**Exercise aim:**
Your answer must be an exact copy of the records below, minus the pictures.

**Data for the task:**
· · · ·
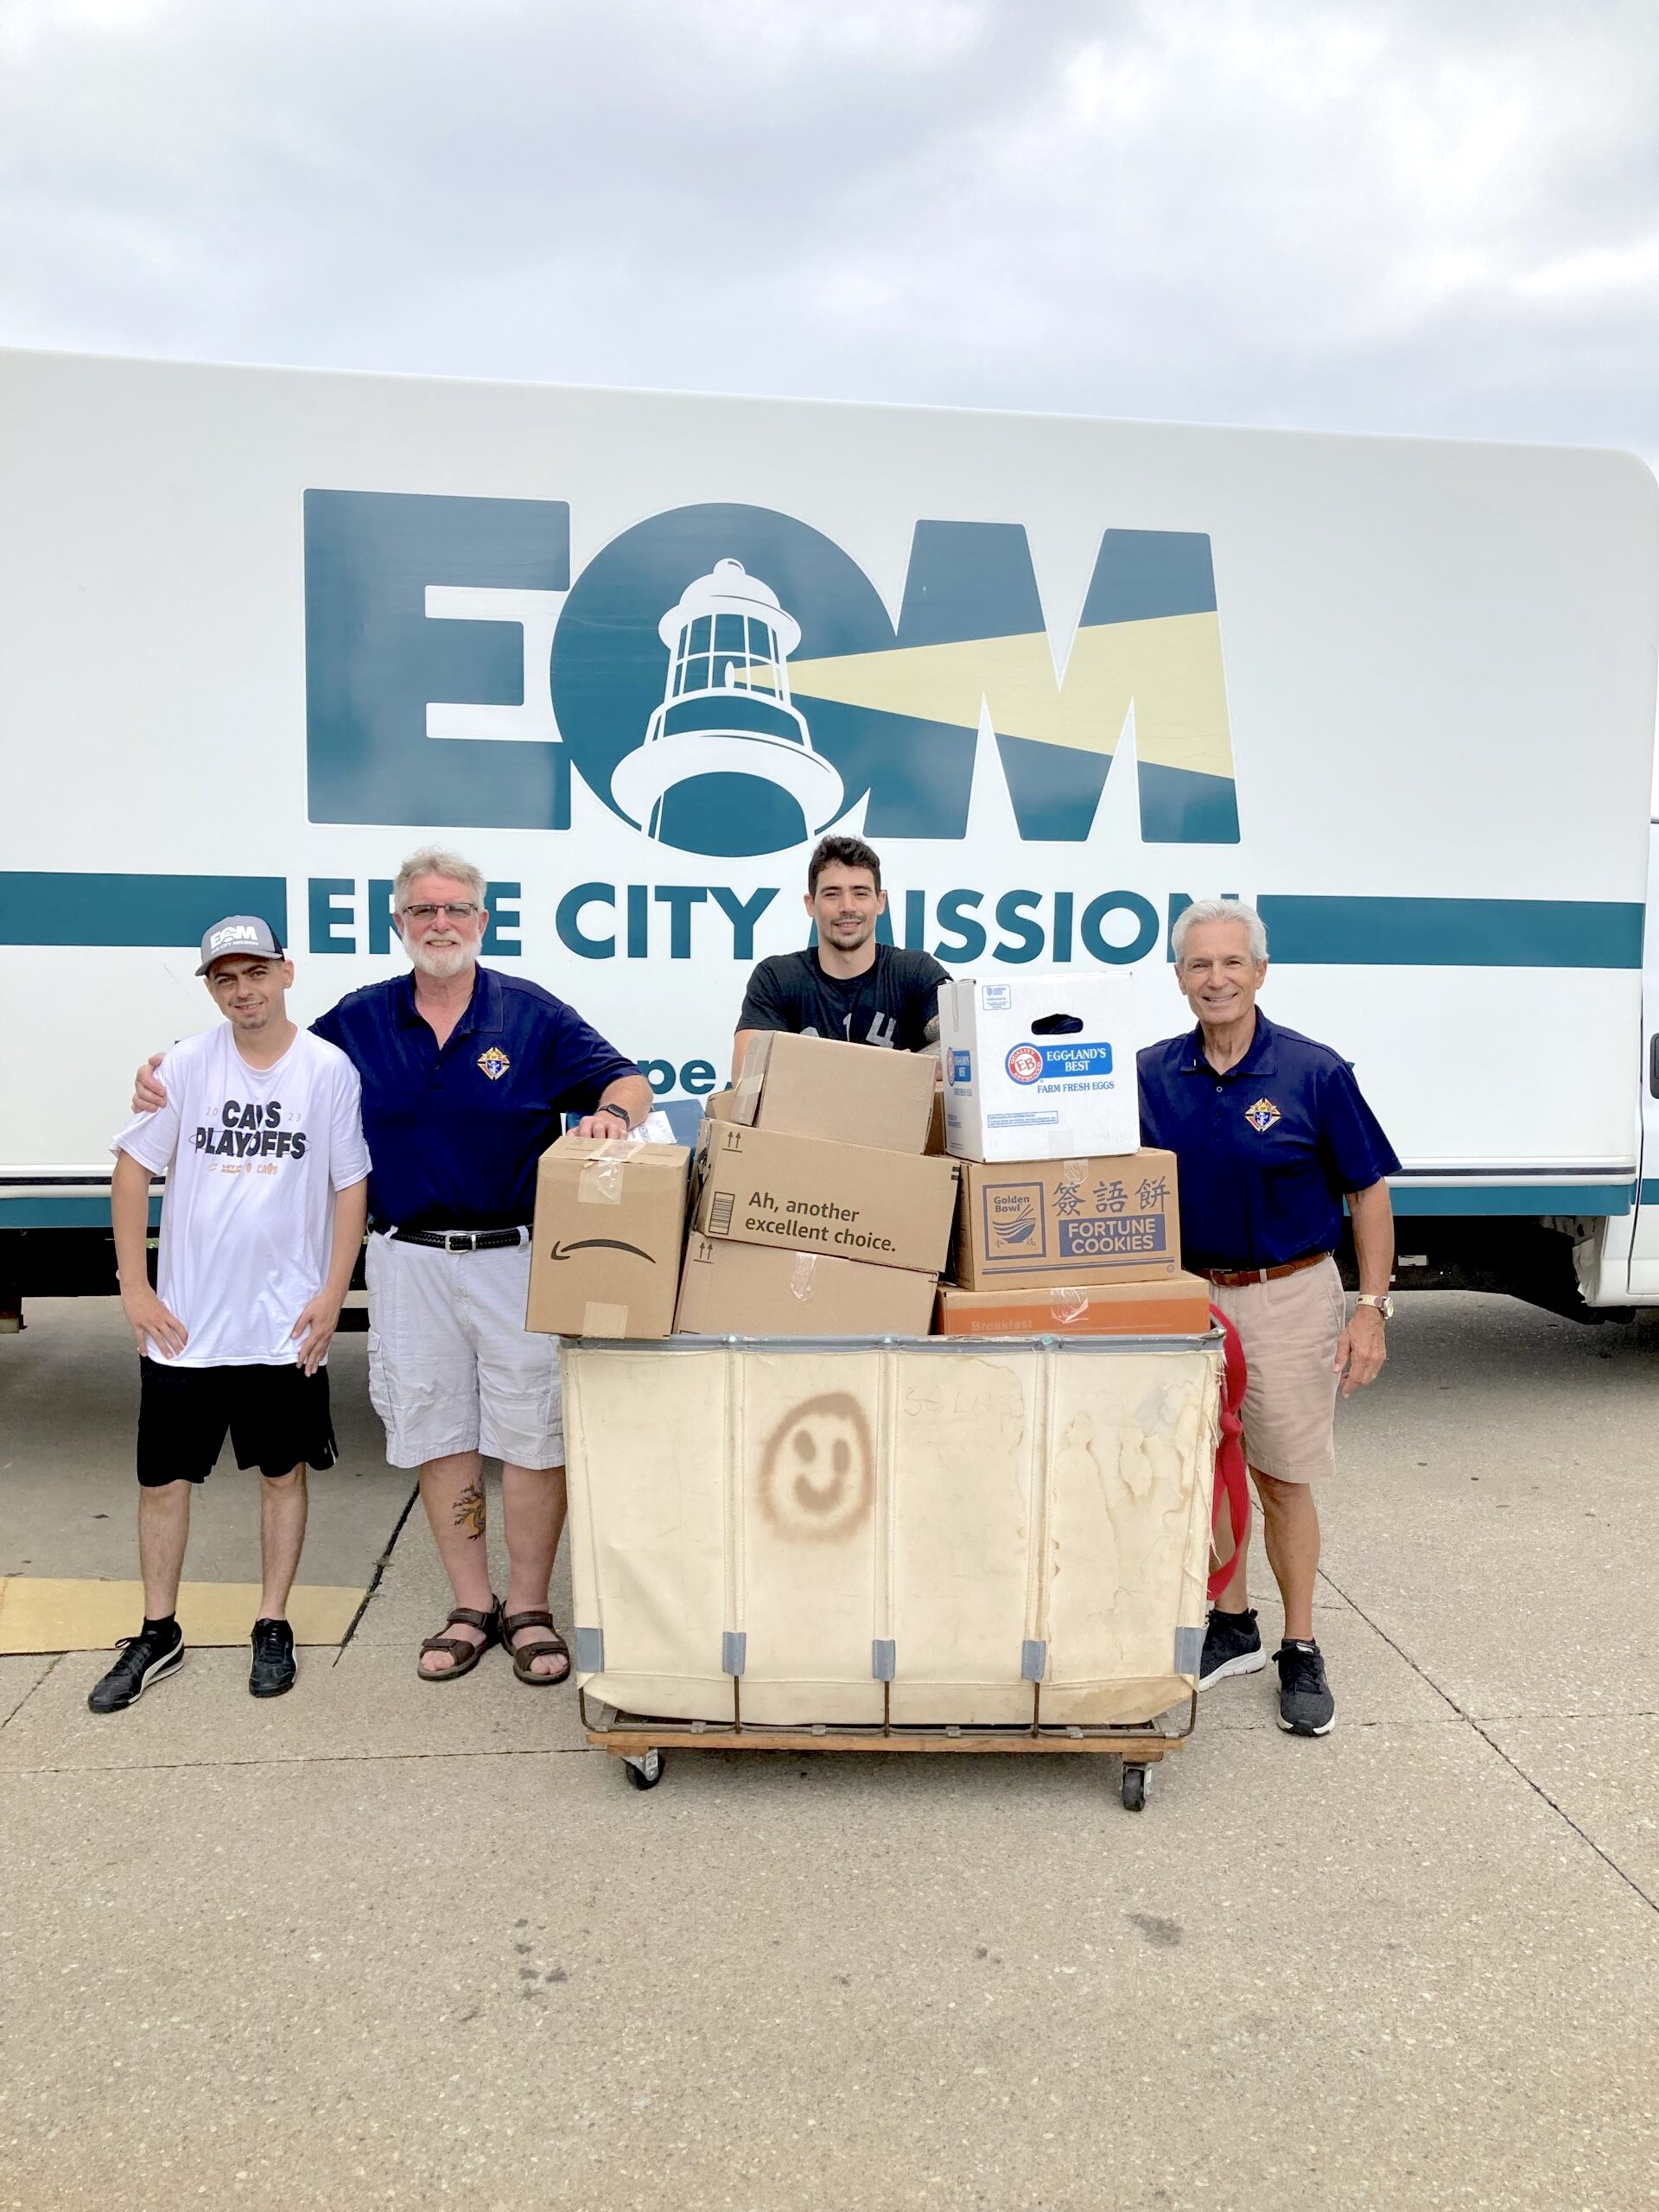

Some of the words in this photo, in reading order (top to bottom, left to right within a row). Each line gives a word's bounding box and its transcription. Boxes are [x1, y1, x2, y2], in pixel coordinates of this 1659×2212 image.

[308, 878, 521, 957] EE
[556, 881, 781, 961] CITY
[806, 888, 1239, 964] ISSIO
[1017, 1058, 1035, 1071] EB
[1065, 1060, 1090, 1072] BEST
[1037, 1084, 1061, 1094] FARM
[1063, 1083, 1090, 1092] FRESH
[1092, 1081, 1115, 1090] EGGS
[288, 1112, 302, 1122] 23
[194, 1127, 307, 1160] PLAYOFFS
[993, 1195, 1030, 1205] Golden
[748, 1192, 779, 1213] Ah,
[785, 1199, 860, 1223] another
[995, 1204, 1021, 1213] Bowl
[1068, 1217, 1156, 1238] FORTUNE
[745, 1217, 830, 1242] excellent
[834, 1228, 896, 1252] choice.
[1071, 1235, 1154, 1255] COOKIES
[971, 1319, 1033, 1332] Breakfast
· · · ·
**Task answer:**
Some of the words in this photo, in reading order (top to bottom, left to right within a row). Each line gives a word's bounding box and its transcription. Boxes are [x1, y1, x2, y2], in pixel coordinates of this 1659×2212 image.

[308, 878, 521, 957] EE
[556, 881, 781, 961] CITY
[806, 888, 1239, 964] ISSIO
[1017, 1058, 1035, 1071] EB
[1065, 1060, 1090, 1072] BEST
[1037, 1084, 1061, 1094] FARM
[1063, 1083, 1090, 1092] FRESH
[1092, 1081, 1115, 1090] EGGS
[288, 1112, 302, 1122] 23
[194, 1127, 307, 1160] PLAYOFFS
[993, 1195, 1030, 1205] Golden
[748, 1192, 779, 1213] Ah,
[785, 1199, 860, 1223] another
[995, 1204, 1021, 1213] Bowl
[1068, 1217, 1156, 1238] FORTUNE
[745, 1217, 830, 1242] excellent
[834, 1228, 896, 1252] choice.
[1071, 1235, 1154, 1255] COOKIES
[971, 1319, 1033, 1332] Breakfast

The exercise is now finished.